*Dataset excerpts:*
━━━━━━━━
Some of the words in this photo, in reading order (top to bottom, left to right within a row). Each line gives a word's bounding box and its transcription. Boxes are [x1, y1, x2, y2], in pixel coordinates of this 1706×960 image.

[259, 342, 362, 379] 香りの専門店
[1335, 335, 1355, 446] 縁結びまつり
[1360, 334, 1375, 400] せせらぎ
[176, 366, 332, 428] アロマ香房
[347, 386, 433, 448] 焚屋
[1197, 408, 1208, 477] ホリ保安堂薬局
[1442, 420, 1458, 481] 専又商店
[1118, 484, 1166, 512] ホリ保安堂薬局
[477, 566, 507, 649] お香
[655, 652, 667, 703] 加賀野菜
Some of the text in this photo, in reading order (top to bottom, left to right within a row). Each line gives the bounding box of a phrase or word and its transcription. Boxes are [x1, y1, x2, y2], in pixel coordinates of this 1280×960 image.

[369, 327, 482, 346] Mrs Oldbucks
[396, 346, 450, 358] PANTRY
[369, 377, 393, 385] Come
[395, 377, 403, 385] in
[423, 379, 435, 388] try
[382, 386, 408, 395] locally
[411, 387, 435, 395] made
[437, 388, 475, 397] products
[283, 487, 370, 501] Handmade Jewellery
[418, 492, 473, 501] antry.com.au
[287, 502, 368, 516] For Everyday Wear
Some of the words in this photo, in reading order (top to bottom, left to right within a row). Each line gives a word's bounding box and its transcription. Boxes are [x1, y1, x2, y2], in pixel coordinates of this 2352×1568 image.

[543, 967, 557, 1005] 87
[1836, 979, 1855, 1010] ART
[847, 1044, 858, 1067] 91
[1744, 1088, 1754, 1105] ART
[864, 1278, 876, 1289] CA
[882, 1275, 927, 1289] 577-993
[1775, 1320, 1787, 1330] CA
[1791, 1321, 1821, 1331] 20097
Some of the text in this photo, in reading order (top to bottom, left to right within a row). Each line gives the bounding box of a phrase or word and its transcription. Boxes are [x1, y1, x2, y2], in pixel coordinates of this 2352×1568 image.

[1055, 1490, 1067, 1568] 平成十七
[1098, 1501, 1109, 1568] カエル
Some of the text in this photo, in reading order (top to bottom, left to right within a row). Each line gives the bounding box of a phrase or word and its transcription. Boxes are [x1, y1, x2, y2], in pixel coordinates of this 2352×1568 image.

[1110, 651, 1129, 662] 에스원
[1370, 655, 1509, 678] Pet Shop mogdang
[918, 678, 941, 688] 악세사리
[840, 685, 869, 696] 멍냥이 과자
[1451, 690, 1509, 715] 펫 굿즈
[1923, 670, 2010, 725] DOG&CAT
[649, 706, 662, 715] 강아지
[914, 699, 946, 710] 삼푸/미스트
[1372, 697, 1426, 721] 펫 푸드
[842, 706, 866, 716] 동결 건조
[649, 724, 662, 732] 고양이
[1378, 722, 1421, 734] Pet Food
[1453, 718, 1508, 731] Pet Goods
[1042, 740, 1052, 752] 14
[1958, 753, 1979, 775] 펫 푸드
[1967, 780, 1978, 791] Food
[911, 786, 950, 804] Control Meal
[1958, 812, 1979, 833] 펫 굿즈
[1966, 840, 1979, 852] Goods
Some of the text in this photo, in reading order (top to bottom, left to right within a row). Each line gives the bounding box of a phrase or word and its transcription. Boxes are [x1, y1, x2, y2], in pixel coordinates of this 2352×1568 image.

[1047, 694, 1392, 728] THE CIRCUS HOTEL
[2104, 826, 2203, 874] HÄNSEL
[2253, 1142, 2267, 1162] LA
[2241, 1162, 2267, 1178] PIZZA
━━━━━━━━
*EXERCISE GOAL:* The full set of records must be output again exactly.

*ANSWER:*
Some of the words in this photo, in reading order (top to bottom, left to right within a row). Each line gives a word's bounding box and its transcription. Boxes are [x1, y1, x2, y2], in pixel coordinates of this 1706×960 image.

[259, 342, 362, 379] 香りの専門店
[1335, 335, 1355, 446] 縁結びまつり
[1360, 334, 1375, 400] せせらぎ
[176, 366, 332, 428] アロマ香房
[347, 386, 433, 448] 焚屋
[1197, 408, 1208, 477] ホリ保安堂薬局
[1442, 420, 1458, 481] 専又商店
[1118, 484, 1166, 512] ホリ保安堂薬局
[477, 566, 507, 649] お香
[655, 652, 667, 703] 加賀野菜
Some of the text in this photo, in reading order (top to bottom, left to right within a row). Each line gives the bounding box of a phrase or word and its transcription. Boxes are [x1, y1, x2, y2], in pixel coordinates of this 1280×960 image.

[369, 327, 482, 346] Mrs Oldbucks
[396, 346, 450, 358] PANTRY
[369, 377, 393, 385] Come
[395, 377, 403, 385] in
[423, 379, 435, 388] try
[382, 386, 408, 395] locally
[411, 387, 435, 395] made
[437, 388, 475, 397] products
[283, 487, 370, 501] Handmade Jewellery
[418, 492, 473, 501] antry.com.au
[287, 502, 368, 516] For Everyday Wear
Some of the words in this photo, in reading order (top to bottom, left to right within a row). Each line gives a word's bounding box and its transcription. Boxes are [x1, y1, x2, y2], in pixel coordinates of this 2352×1568 image.

[543, 967, 557, 1005] 87
[1836, 979, 1855, 1010] ART
[847, 1044, 858, 1067] 91
[1744, 1088, 1754, 1105] ART
[864, 1278, 876, 1289] CA
[882, 1275, 927, 1289] 577-993
[1775, 1320, 1787, 1330] CA
[1791, 1321, 1821, 1331] 20097
Some of the text in this photo, in reading order (top to bottom, left to right within a row). Each line gives the bounding box of a phrase or word and its transcription. Boxes are [x1, y1, x2, y2], in pixel coordinates of this 2352×1568 image.

[1055, 1490, 1067, 1568] 平成十七
[1098, 1501, 1109, 1568] カエル
Some of the text in this photo, in reading order (top to bottom, left to right within a row). Each line gives the bounding box of a phrase or word and its transcription. Boxes are [x1, y1, x2, y2], in pixel coordinates of this 2352×1568 image.

[1110, 651, 1129, 662] 에스원
[1370, 655, 1509, 678] Pet Shop mogdang
[918, 678, 941, 688] 악세사리
[840, 685, 869, 696] 멍냥이 과자
[1451, 690, 1509, 715] 펫 굿즈
[1923, 670, 2010, 725] DOG&CAT
[649, 706, 662, 715] 강아지
[914, 699, 946, 710] 삼푸/미스트
[1372, 697, 1426, 721] 펫 푸드
[842, 706, 866, 716] 동결 건조
[649, 724, 662, 732] 고양이
[1378, 722, 1421, 734] Pet Food
[1453, 718, 1508, 731] Pet Goods
[1042, 740, 1052, 752] 14
[1958, 753, 1979, 775] 펫 푸드
[1967, 780, 1978, 791] Food
[911, 786, 950, 804] Control Meal
[1958, 812, 1979, 833] 펫 굿즈
[1966, 840, 1979, 852] Goods
Some of the text in this photo, in reading order (top to bottom, left to right within a row). Each line gives the bounding box of a phrase or word and its transcription. Boxes are [x1, y1, x2, y2], in pixel coordinates of this 2352×1568 image.

[1047, 694, 1392, 728] THE CIRCUS HOTEL
[2104, 826, 2203, 874] HÄNSEL
[2253, 1142, 2267, 1162] LA
[2241, 1162, 2267, 1178] PIZZA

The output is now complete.